Цыбин сидел на камне возле своей избы и курил - как будто спокойно. Торопиться ему было нечего: у него не было ни бота, ни елы, он нанимался к другим, кто ходил промышлять на своей посудине. Так он работал третий год, и в жестяной довоенной коробке от Высоцкого чая у него уже лежало двести рублей. Каждый рубль он с мясом отрубал от себя и от Анны. Зимой они ели одну треску, но коробки с деньгами они все-таки ни разу не открыли: как ребенок внутри женщины, в этой коробке лежала их ела, трудно, медленно зрела, питаясь человечьим соком - и, может быть, теперь уже близок был час, когда она, наконец, родится.

- Если селедка продержится три дня, так тогда пожалуй что...

Цыбин не кончил, но Анна поняла и так.

- Хоть дожить, поглядеть, - сказала она и стиснула, повернула на пальце серебряное кольцо. Кольцо было просторно, и вся Анна похожа была на пустой наполовину сверток - из свертка что-то потеряно, упаковка ослабла, и каждую минуту все могло рассыпаться.
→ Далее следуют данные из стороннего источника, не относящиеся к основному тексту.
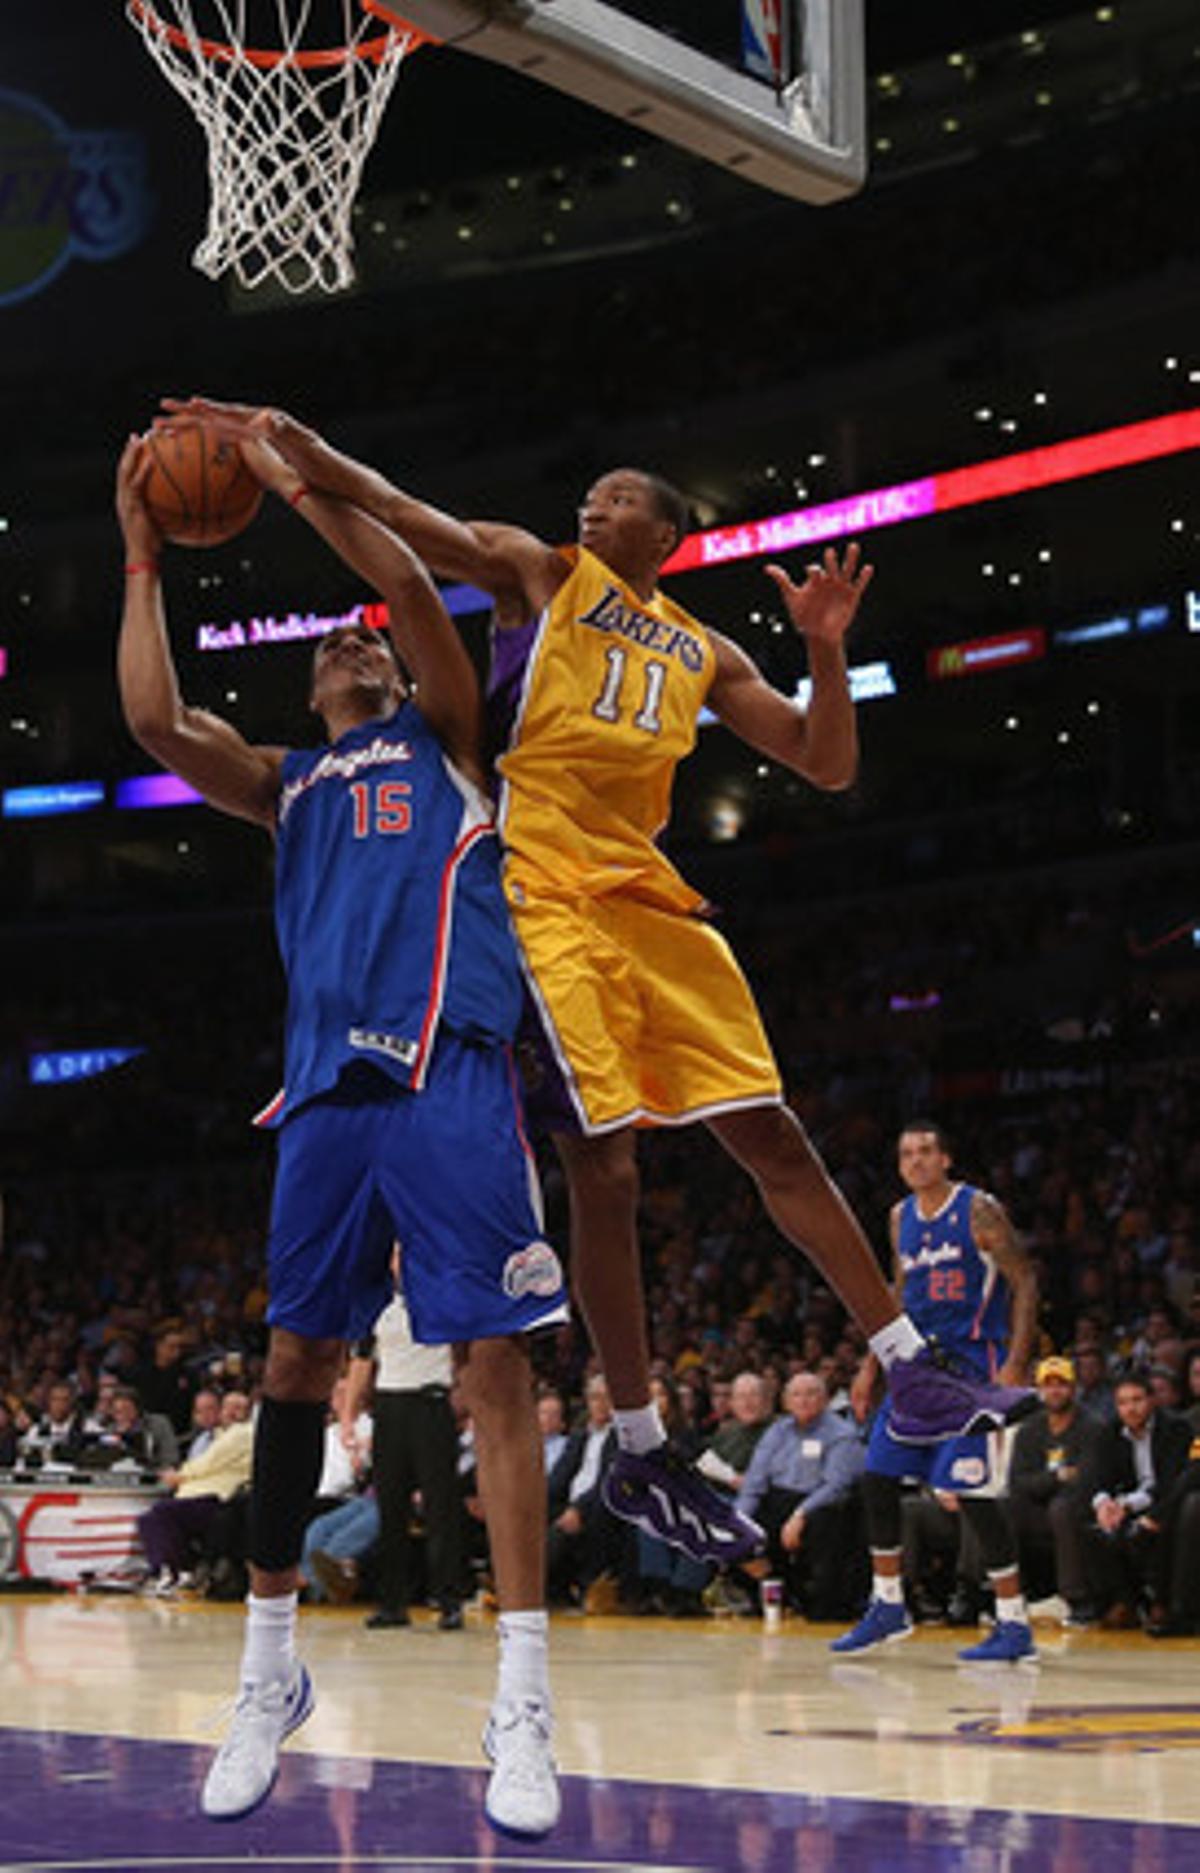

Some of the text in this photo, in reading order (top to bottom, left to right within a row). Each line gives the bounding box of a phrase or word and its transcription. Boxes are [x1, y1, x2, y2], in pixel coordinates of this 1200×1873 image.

[702, 526, 752, 562] Keck
[577, 583, 704, 672] LAKERS
[591, 645, 668, 737] 11
[304, 737, 413, 787] Angeles
[350, 780, 413, 838] 15
[928, 1269, 967, 1301] 22
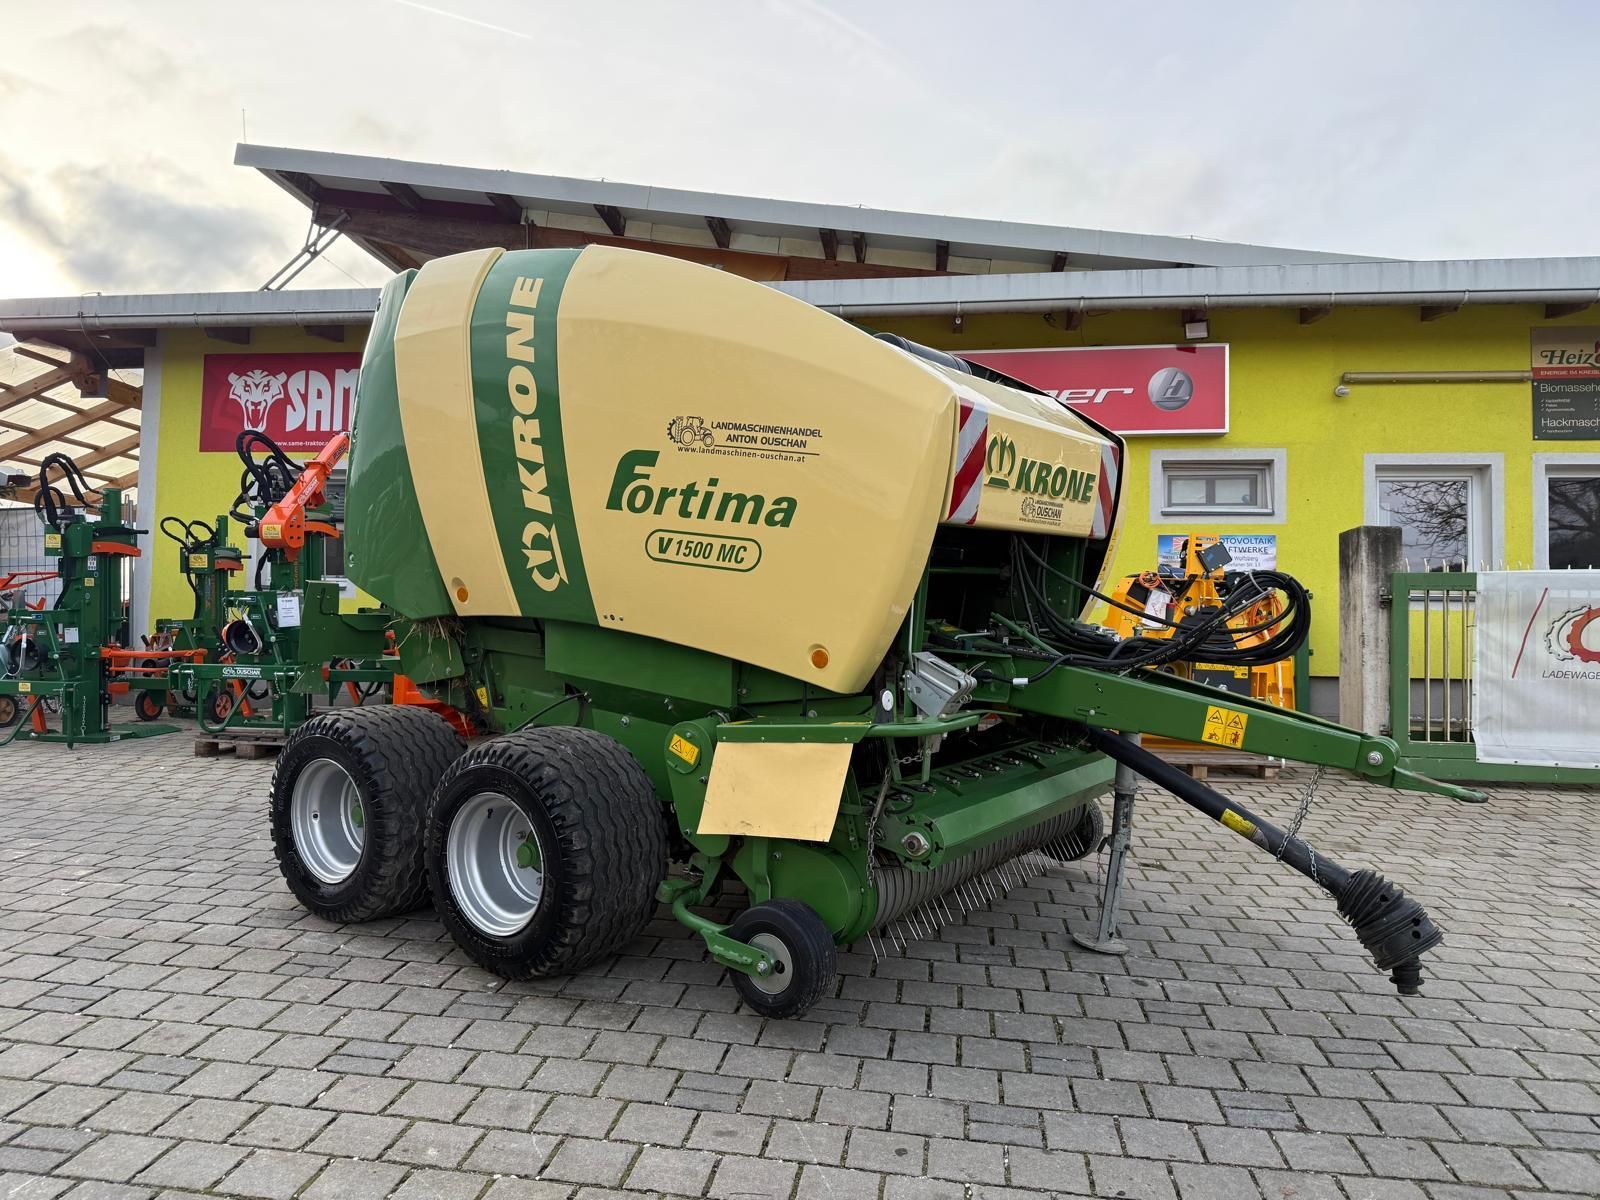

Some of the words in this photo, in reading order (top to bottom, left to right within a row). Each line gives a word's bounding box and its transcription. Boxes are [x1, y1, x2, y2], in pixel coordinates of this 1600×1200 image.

[506, 276, 552, 514] KRONE
[711, 421, 823, 438] LANDMASCHINENHANDEL
[726, 434, 758, 445] ANTON
[761, 437, 807, 449] OUSCHAN
[677, 446, 805, 463] www.landmaschinen-ouschan.at
[605, 449, 798, 528] Fortima
[1014, 457, 1097, 503] KRONE
[1036, 506, 1062, 519] OUSCHAN
[658, 536, 673, 554] V
[675, 539, 714, 560] 1500
[716, 543, 748, 565] MC
Снизу к Цыбину быстро шел Клаус Остранд, шумно, по-коровьи, дыша.

- Пожалуйста, пойдешь со мной на селедку, - сказал он.
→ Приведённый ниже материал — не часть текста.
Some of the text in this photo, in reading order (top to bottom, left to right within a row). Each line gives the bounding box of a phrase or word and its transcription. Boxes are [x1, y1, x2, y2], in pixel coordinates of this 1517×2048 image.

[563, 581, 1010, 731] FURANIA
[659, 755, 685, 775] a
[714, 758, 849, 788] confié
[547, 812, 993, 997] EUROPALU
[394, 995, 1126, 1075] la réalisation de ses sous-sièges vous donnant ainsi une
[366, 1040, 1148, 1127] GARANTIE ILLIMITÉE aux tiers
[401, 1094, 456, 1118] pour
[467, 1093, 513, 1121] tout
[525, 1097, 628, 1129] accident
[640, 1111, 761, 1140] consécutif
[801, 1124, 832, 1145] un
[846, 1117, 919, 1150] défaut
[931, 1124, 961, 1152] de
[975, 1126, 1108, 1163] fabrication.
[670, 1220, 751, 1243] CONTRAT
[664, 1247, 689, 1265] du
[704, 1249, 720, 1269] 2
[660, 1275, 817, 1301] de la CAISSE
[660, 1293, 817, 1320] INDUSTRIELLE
- Сколько? - спросил Цыбин.

- По пятнадцать с пуд.

- Двугривенный - меньше не пойду. Клаус задышал еще громче, побагровел, потоптался и молча зашагал дальше - к Туюлинской избе. Цыбин не двинулся с места, только под скулами на лице у него проступили крутые узлы, как на туго натянутом парусе. Игра шла крупная: ставкой была цыбинская ела. Если Сашка Туюлин проспался после вчерашнего, так ясное дело - Клаус пойдет в море с ним, а Цыбин останется на берегу, тогда - прощай, ела. Был тот самый час, когда ночное солнце ненадолго останавливалось, в небе и с открытым глазом дремало над угольно-черными скалами Оленьего острова. Все было вдесятеро слышнее, чем днем, каждое слово, каждый плеск весла, каждый удар сердца.